Waldo County which borders Maine's Penobscot Bay on the Atlantic Ocean is divided between the more populated coast and the interior highlands.
Located on the west bank of the Penobscot River in Prospect, Maine, in an area known as the Penobscot Narrows, Fort Knox is one of the best preserved fortifications on the New England seacoast. The Fort has many architectural features present only to itself, as well as a rich history behind it's cannon batteries. Maine was repeatedly involved in northeast border disputes with British Canada, and the area between Castine and the rich lumber city of Bangor was invaded and occupied by the British during the American Revolution and the War of 1812. Despite the Webster-Ashburton Treaty of 1842, Fort Knox was established in 1844 to protect the Penobscot River valley against a possible future British naval incursion.

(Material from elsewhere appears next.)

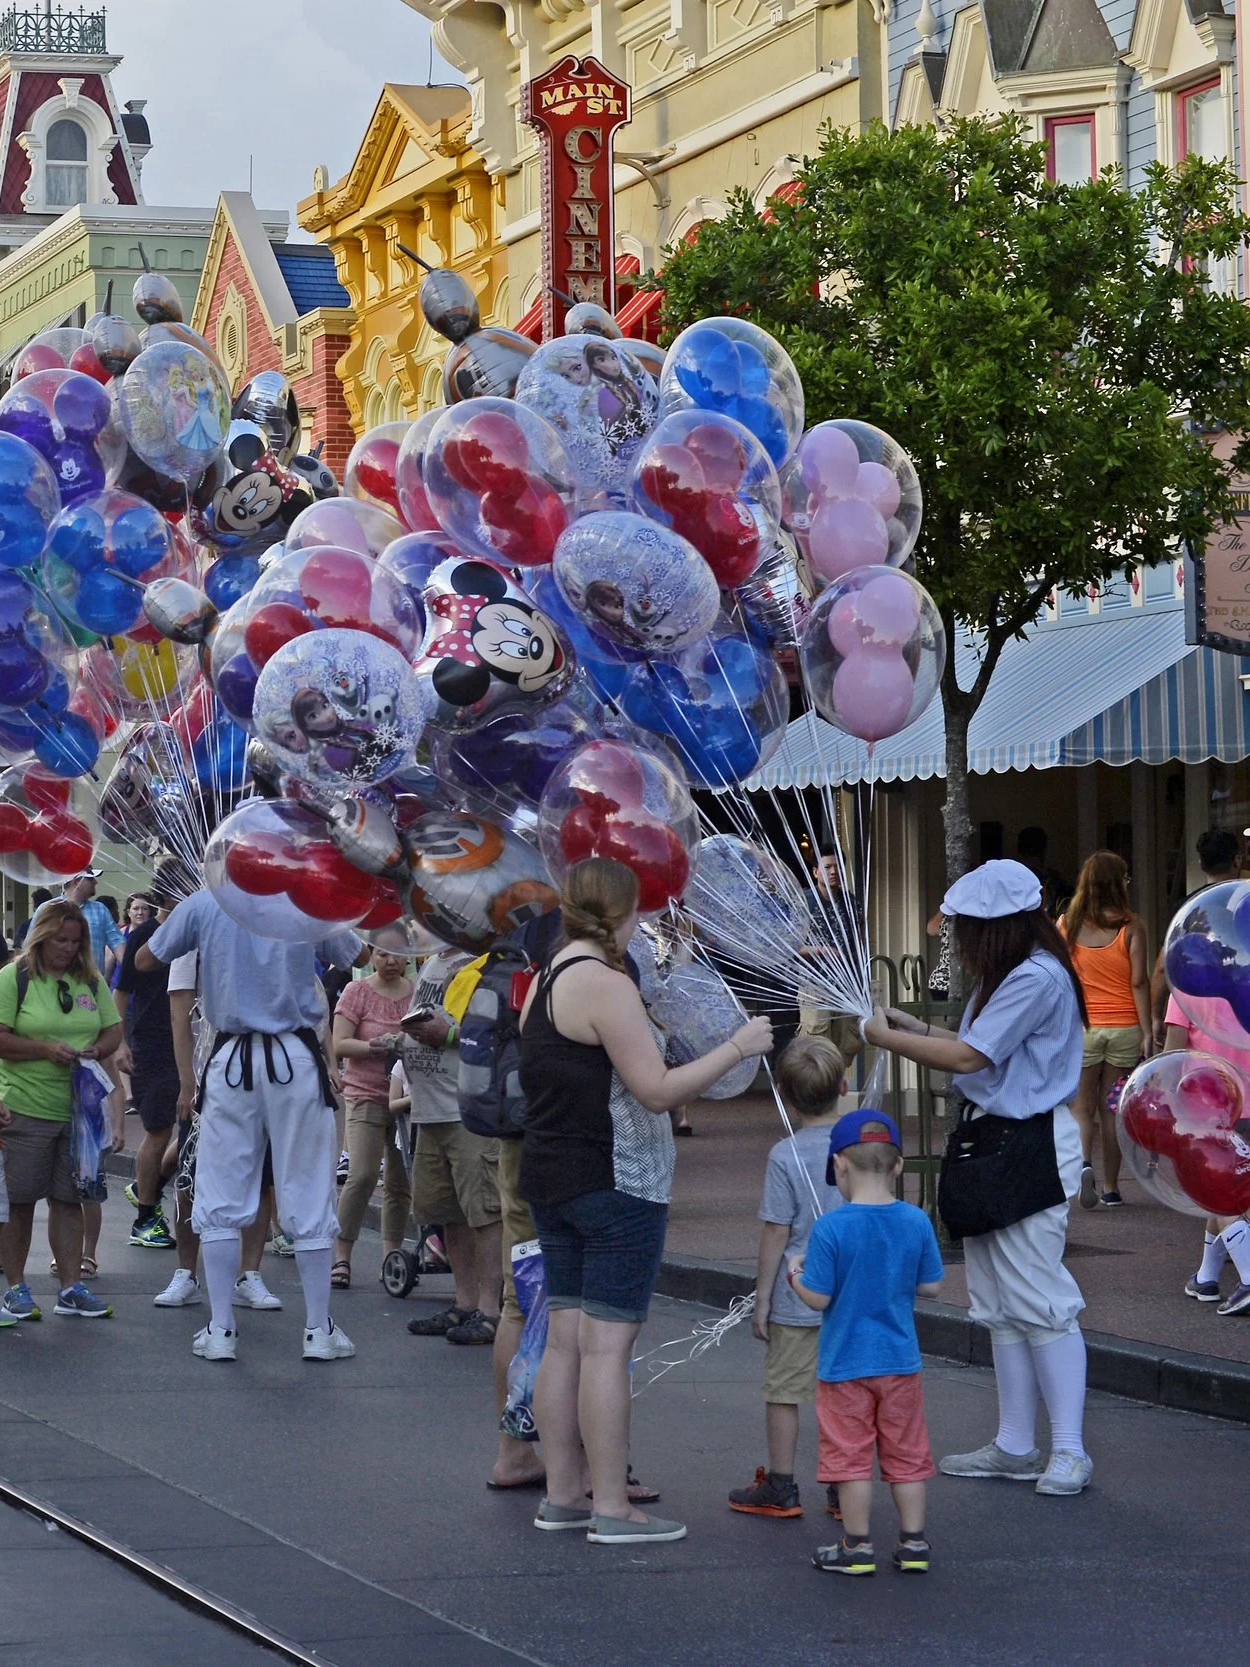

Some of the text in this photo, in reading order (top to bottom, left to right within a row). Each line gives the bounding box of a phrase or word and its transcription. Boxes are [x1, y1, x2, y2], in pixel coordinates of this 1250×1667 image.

The Fort was engineered by famous West Point graduate Isaac Ingalls Stevens, who superintended fortifications on the New England coast from 1841 until 1849. Named for Major General Henry Knox, America’s first Secretary of War, friend of first president George Washington, and a native of Maine. The Fort garrisoned troops from 1863 to 1866, mostly volunteers who were in training before being sent to their active posts, including members of the celebrated 20th Maine, and again in 1898, but never saw military action.

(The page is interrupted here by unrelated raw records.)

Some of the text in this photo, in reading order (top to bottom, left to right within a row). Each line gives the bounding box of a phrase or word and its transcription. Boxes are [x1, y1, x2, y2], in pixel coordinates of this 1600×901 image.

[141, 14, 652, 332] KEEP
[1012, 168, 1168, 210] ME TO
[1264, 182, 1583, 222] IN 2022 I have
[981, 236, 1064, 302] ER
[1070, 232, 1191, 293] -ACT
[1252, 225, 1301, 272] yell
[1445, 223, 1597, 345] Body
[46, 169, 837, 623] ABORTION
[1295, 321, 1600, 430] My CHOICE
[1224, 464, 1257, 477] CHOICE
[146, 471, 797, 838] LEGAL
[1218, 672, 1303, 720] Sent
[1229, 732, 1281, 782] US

Come explore the Fort and discover this treasure of Maine and United States History. Fort Knox is open May 1 - Nov 1, from 8:30 - sunset. The grounds are open year round for your visiting pleasure. The newly constructed Penobscot Narrows Bridge boasts an observation tower, rising 420’ above sea level, which may only be accessed through the Fort. Set to open this spring the observation tower will provide a breathtaking view of the Penobscot River Valley, and is the only observatory like it in the Western Hemisphere!